Stored data:
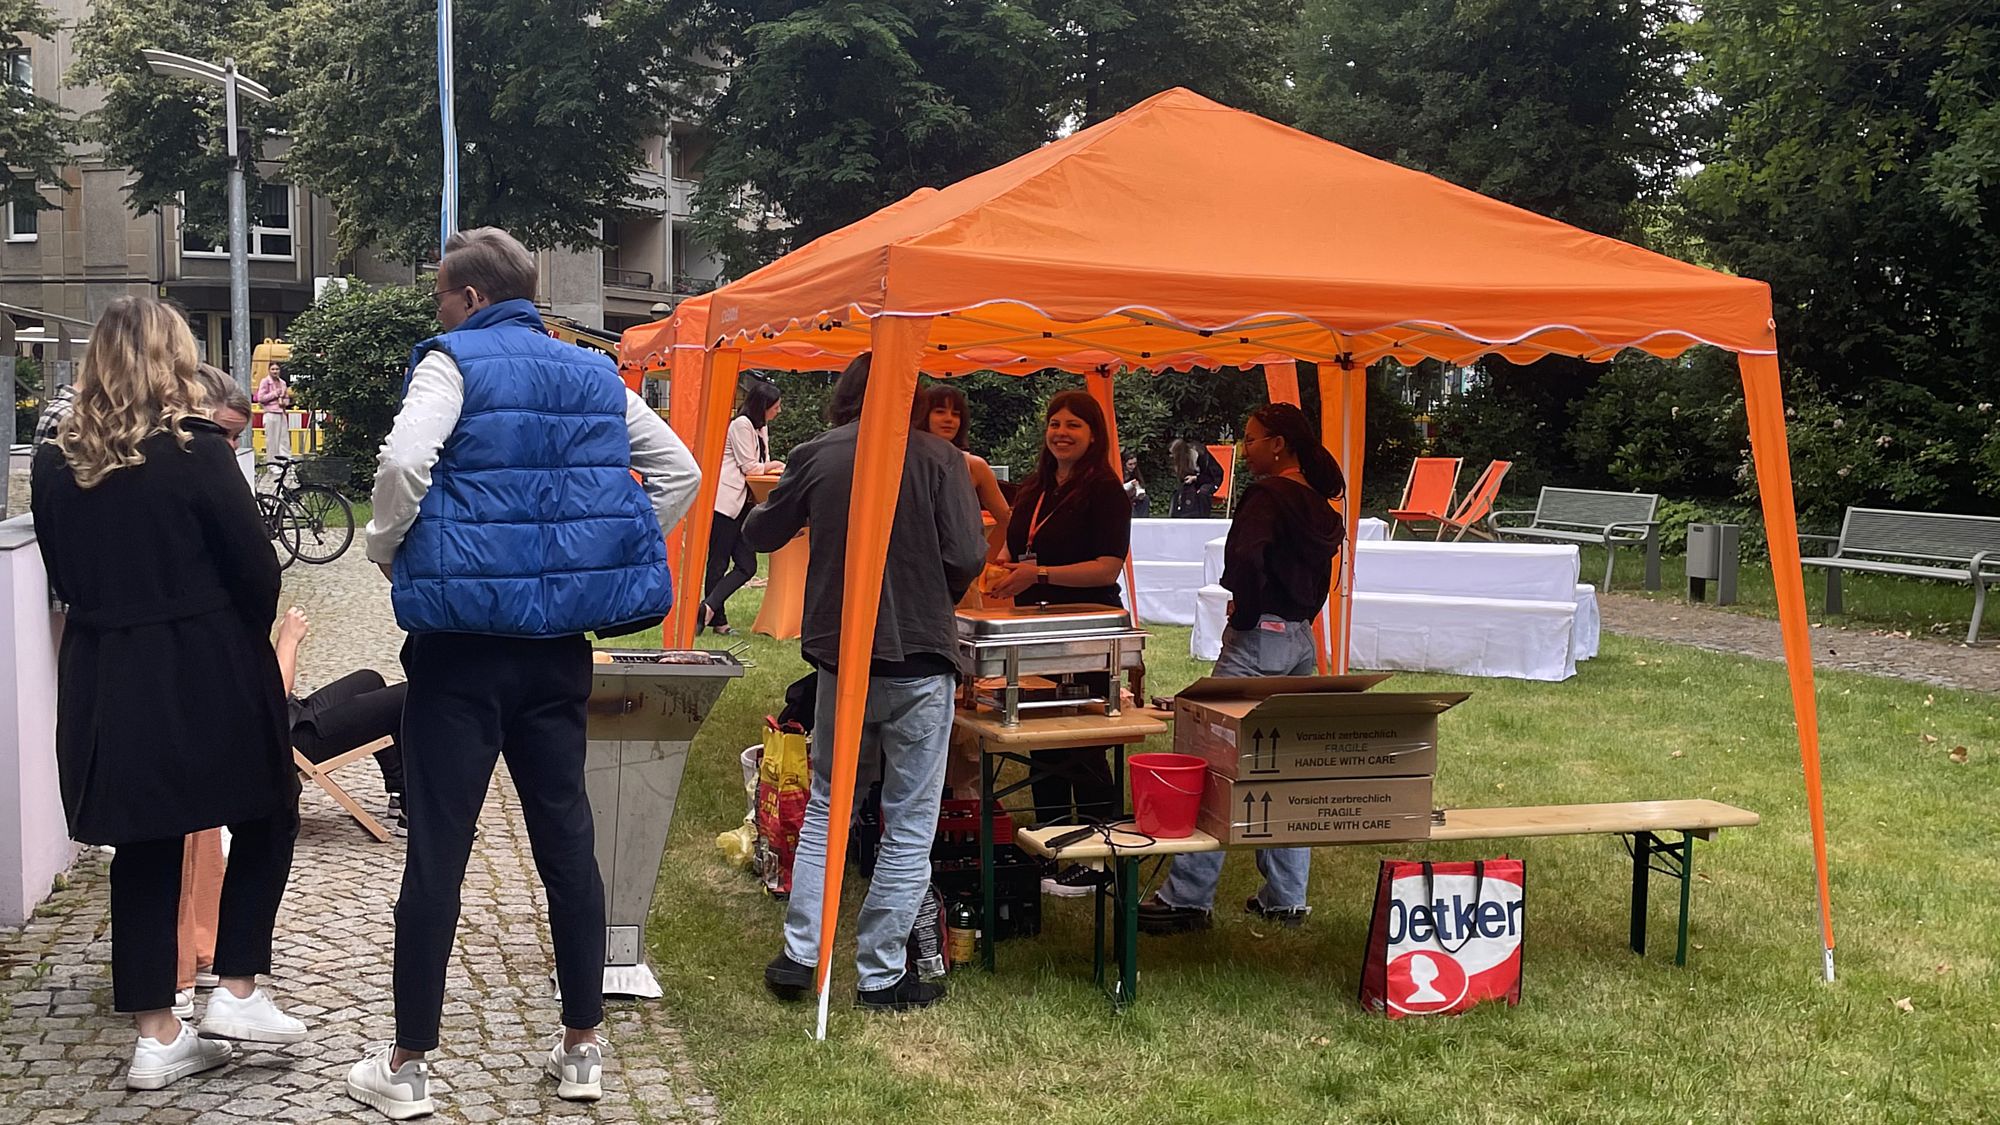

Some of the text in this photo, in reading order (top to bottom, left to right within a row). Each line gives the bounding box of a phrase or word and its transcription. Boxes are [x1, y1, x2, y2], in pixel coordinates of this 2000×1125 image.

[1296, 729, 1397, 740] Vorsicht zerbrechlich
[1325, 743, 1368, 752] FRAGILE
[1295, 755, 1396, 767] HANDLE WITH CARE
[1288, 793, 1392, 805] Vorsicht zerbrechlich
[1318, 808, 1361, 817] FRAGILE
[1287, 819, 1392, 831] HANDLE WITH CARE
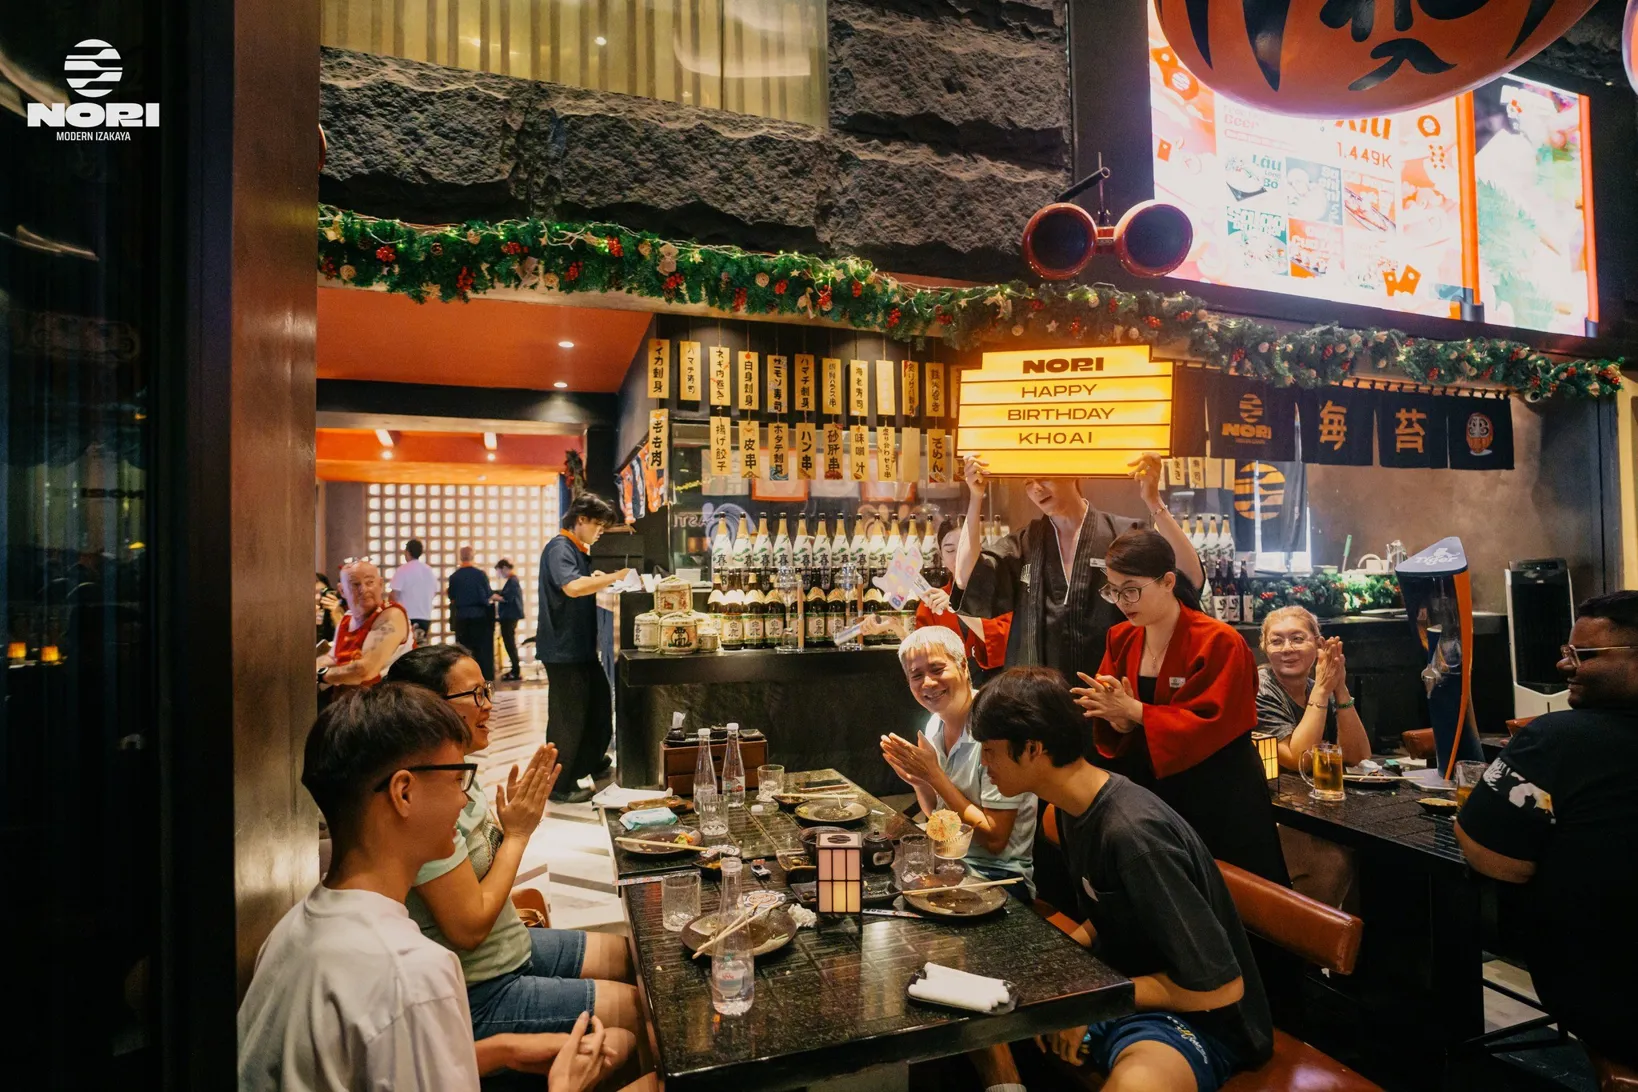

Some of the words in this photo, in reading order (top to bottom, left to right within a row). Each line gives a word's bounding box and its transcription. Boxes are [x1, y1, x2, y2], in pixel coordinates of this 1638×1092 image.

Exercise goal: From the material above, output every line exactly as written, dropping any picture.

Solved problem:
Some of the text in this photo, in reading order (top to bottom, left to right within a row). Each line gives the bounding box of a phrase or word and its transcription. Boxes are [x1, y1, x2, y2], in pixel coordinates of this 2000×1125 image.

[1296, 729, 1397, 740] Vorsicht zerbrechlich
[1325, 743, 1368, 752] FRAGILE
[1295, 755, 1396, 767] HANDLE WITH CARE
[1288, 793, 1392, 805] Vorsicht zerbrechlich
[1318, 808, 1361, 817] FRAGILE
[1287, 819, 1392, 831] HANDLE WITH CARE

Some of the words in this photo, in reading order (top to bottom, left to right within a row). Each line gives a word's bounding box and its transcription. Boxes are [x1, y1, x2, y2], in pixel coordinates of this 1638×1092 image.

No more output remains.